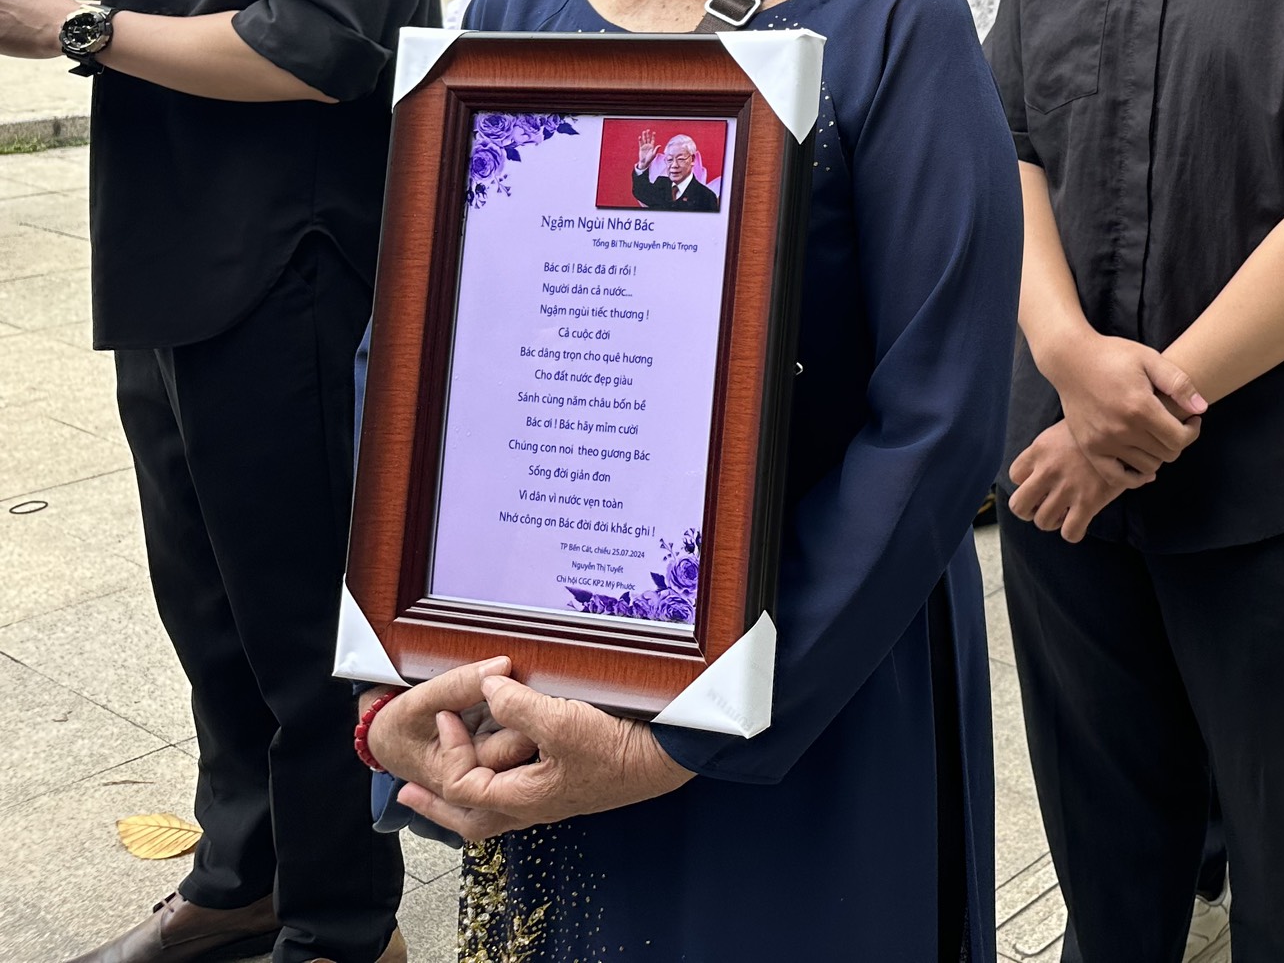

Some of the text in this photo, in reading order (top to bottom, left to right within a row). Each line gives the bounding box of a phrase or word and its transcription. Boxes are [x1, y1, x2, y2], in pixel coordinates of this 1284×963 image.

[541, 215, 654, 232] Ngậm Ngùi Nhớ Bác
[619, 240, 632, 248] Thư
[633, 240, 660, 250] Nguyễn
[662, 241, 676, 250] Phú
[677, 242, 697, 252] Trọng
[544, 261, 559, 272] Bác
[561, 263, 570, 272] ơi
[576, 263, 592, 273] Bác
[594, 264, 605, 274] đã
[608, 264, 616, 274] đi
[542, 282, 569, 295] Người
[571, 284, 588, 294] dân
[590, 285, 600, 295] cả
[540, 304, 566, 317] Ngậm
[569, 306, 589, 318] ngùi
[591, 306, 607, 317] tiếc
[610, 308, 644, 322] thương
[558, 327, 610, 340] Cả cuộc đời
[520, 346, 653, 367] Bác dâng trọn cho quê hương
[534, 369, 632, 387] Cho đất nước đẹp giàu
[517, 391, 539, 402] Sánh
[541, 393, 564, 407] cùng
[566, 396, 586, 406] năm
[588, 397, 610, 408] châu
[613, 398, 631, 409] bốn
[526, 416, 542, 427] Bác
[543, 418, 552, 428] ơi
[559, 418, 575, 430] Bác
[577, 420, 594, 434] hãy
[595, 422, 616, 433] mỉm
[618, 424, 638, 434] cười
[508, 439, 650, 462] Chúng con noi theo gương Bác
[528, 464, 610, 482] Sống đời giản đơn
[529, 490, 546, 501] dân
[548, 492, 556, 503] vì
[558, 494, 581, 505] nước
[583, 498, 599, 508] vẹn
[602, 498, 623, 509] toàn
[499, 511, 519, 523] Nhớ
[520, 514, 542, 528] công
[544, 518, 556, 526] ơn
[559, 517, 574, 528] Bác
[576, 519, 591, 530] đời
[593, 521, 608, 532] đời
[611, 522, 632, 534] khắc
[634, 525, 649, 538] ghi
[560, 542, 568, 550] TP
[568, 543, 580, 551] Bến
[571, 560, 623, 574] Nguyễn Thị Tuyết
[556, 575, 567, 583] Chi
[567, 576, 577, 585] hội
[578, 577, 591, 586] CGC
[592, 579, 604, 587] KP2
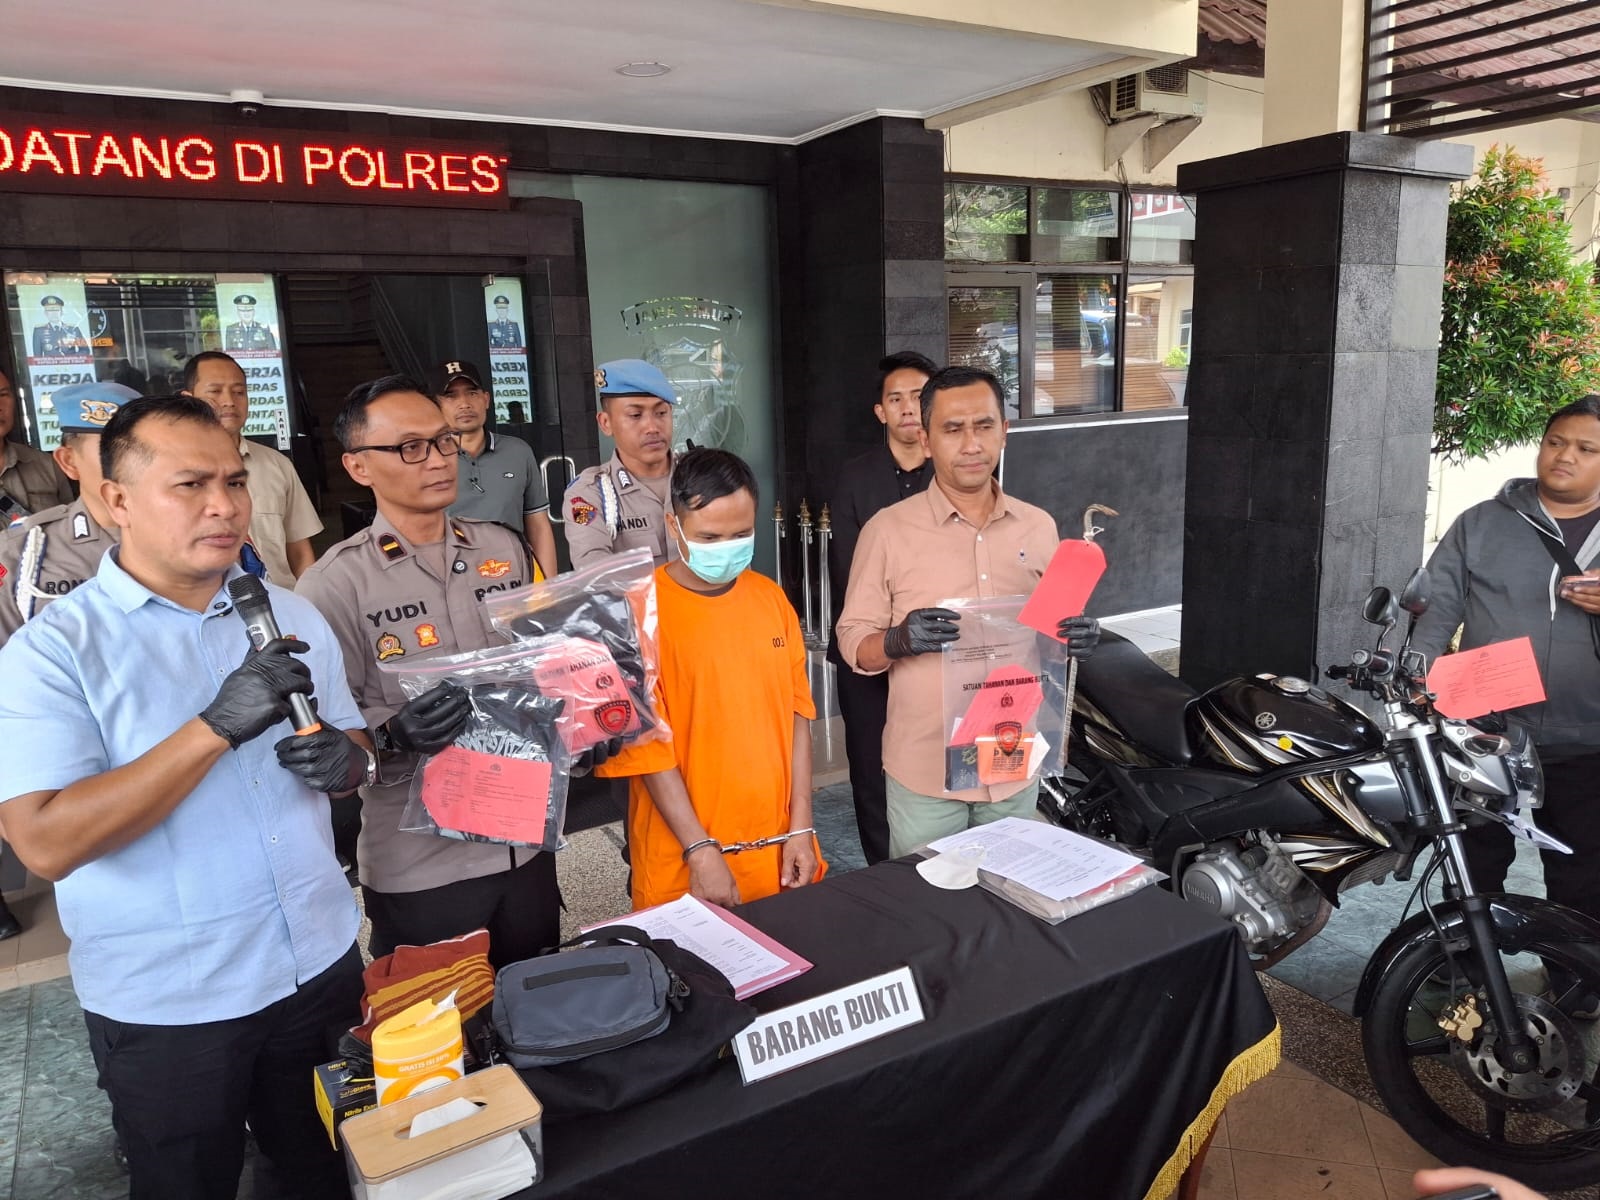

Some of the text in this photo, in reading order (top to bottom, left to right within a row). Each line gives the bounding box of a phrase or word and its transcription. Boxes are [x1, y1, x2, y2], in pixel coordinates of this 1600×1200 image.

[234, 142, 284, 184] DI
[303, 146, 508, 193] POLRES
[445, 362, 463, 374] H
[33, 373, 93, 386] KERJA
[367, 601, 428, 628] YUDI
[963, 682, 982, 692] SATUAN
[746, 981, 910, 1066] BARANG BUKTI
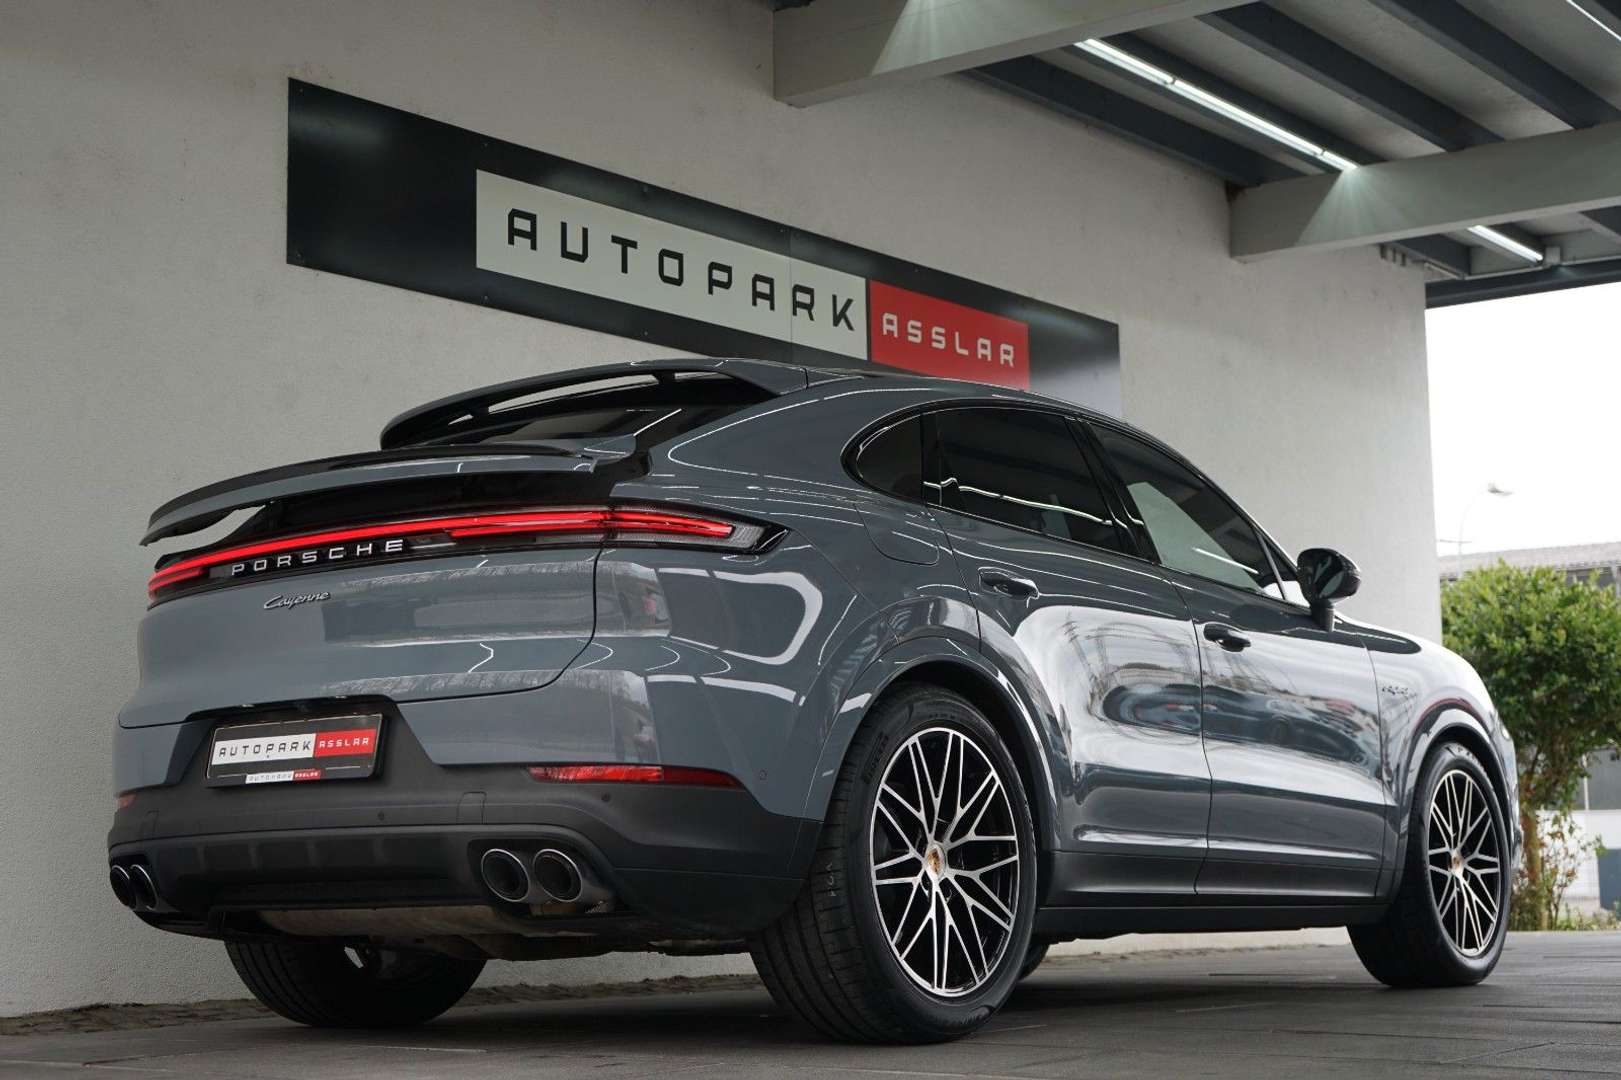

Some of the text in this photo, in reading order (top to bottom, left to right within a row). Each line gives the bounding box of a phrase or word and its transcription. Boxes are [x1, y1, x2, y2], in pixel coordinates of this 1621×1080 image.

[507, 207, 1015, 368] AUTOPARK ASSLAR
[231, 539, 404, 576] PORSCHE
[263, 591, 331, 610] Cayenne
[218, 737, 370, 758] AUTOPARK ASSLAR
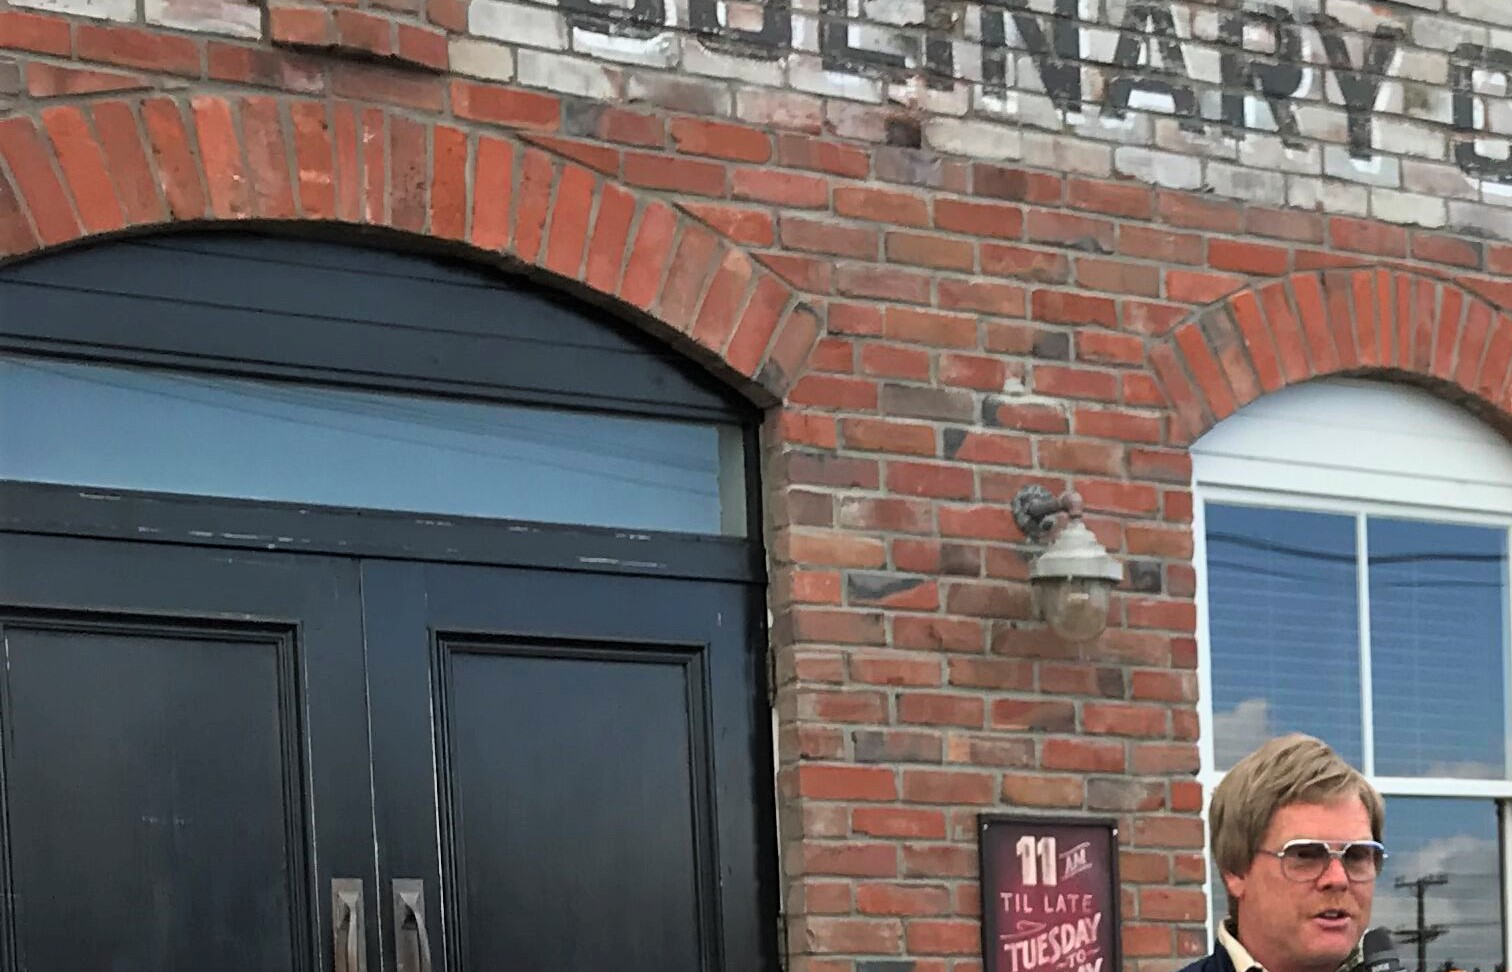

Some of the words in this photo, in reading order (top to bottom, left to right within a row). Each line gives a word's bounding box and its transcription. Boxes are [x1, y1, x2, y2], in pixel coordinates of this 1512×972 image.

------------------------------------------------

## Aim of the exercise
The goal is an exact reprint of the entries, leaving out the pictures.

## Task solution
Some of the text in this photo, in reading order (top to bottom, left to right within a row). Each line gives the bounding box of a phrase or word and its transcription. Boxes are [x1, y1, x2, y2], in pixel coordinates of this 1284×963 image.

[541, 215, 654, 232] Ngậm Ngùi Nhớ Bác
[619, 240, 632, 248] Thư
[633, 240, 660, 250] Nguyễn
[662, 241, 676, 250] Phú
[677, 242, 697, 252] Trọng
[544, 261, 559, 272] Bác
[561, 263, 570, 272] ơi
[576, 263, 592, 273] Bác
[594, 264, 605, 274] đã
[608, 264, 616, 274] đi
[542, 282, 569, 295] Người
[571, 284, 588, 294] dân
[590, 285, 600, 295] cả
[540, 304, 566, 317] Ngậm
[569, 306, 589, 318] ngùi
[591, 306, 607, 317] tiếc
[610, 308, 644, 322] thương
[558, 327, 610, 340] Cả cuộc đời
[520, 346, 653, 367] Bác dâng trọn cho quê hương
[534, 369, 632, 387] Cho đất nước đẹp giàu
[517, 391, 539, 402] Sánh
[541, 393, 564, 407] cùng
[566, 396, 586, 406] năm
[588, 397, 610, 408] châu
[613, 398, 631, 409] bốn
[526, 416, 542, 427] Bác
[543, 418, 552, 428] ơi
[559, 418, 575, 430] Bác
[577, 420, 594, 434] hãy
[595, 422, 616, 433] mỉm
[618, 424, 638, 434] cười
[508, 439, 650, 462] Chúng con noi theo gương Bác
[528, 464, 610, 482] Sống đời giản đơn
[529, 490, 546, 501] dân
[548, 492, 556, 503] vì
[558, 494, 581, 505] nước
[583, 498, 599, 508] vẹn
[602, 498, 623, 509] toàn
[499, 511, 519, 523] Nhớ
[520, 514, 542, 528] công
[544, 518, 556, 526] ơn
[559, 517, 574, 528] Bác
[576, 519, 591, 530] đời
[593, 521, 608, 532] đời
[611, 522, 632, 534] khắc
[634, 525, 649, 538] ghi
[560, 542, 568, 550] TP
[568, 543, 580, 551] Bến
[571, 560, 623, 574] Nguyễn Thị Tuyết
[556, 575, 567, 583] Chi
[567, 576, 577, 585] hội
[578, 577, 591, 586] CGC
[592, 579, 604, 587] KP2

Some of the text in this photo, in reading order (top to bottom, left to right within a row). Each line gives the bounding box of a phrase or word and its transcription. Boxes are [x1, y1, x2, y2], in pixel coordinates of this 1600×1200 image.

[234, 142, 284, 184] DI
[303, 146, 508, 193] POLRES
[445, 362, 463, 374] H
[33, 373, 93, 386] KERJA
[367, 601, 428, 628] YUDI
[963, 682, 982, 692] SATUAN
[746, 981, 910, 1066] BARANG BUKTI

Some of the text in this photo, in reading order (top to bottom, left to right within a row). Each line gives the bounding box of a phrase or word and its transcription. Boxes are [x1, y1, x2, y2], in pixel coordinates of this 1621×1080 image.

[507, 207, 1015, 368] AUTOPARK ASSLAR
[231, 539, 404, 576] PORSCHE
[263, 591, 331, 610] Cayenne
[218, 737, 370, 758] AUTOPARK ASSLAR

Some of the words in this photo, in reading order (top to bottom, left to right within a row). Each line gives a word's bounding box and its transcription. Boxes are [x1, y1, x2, y2], in pixel coordinates of this 1512×972 image.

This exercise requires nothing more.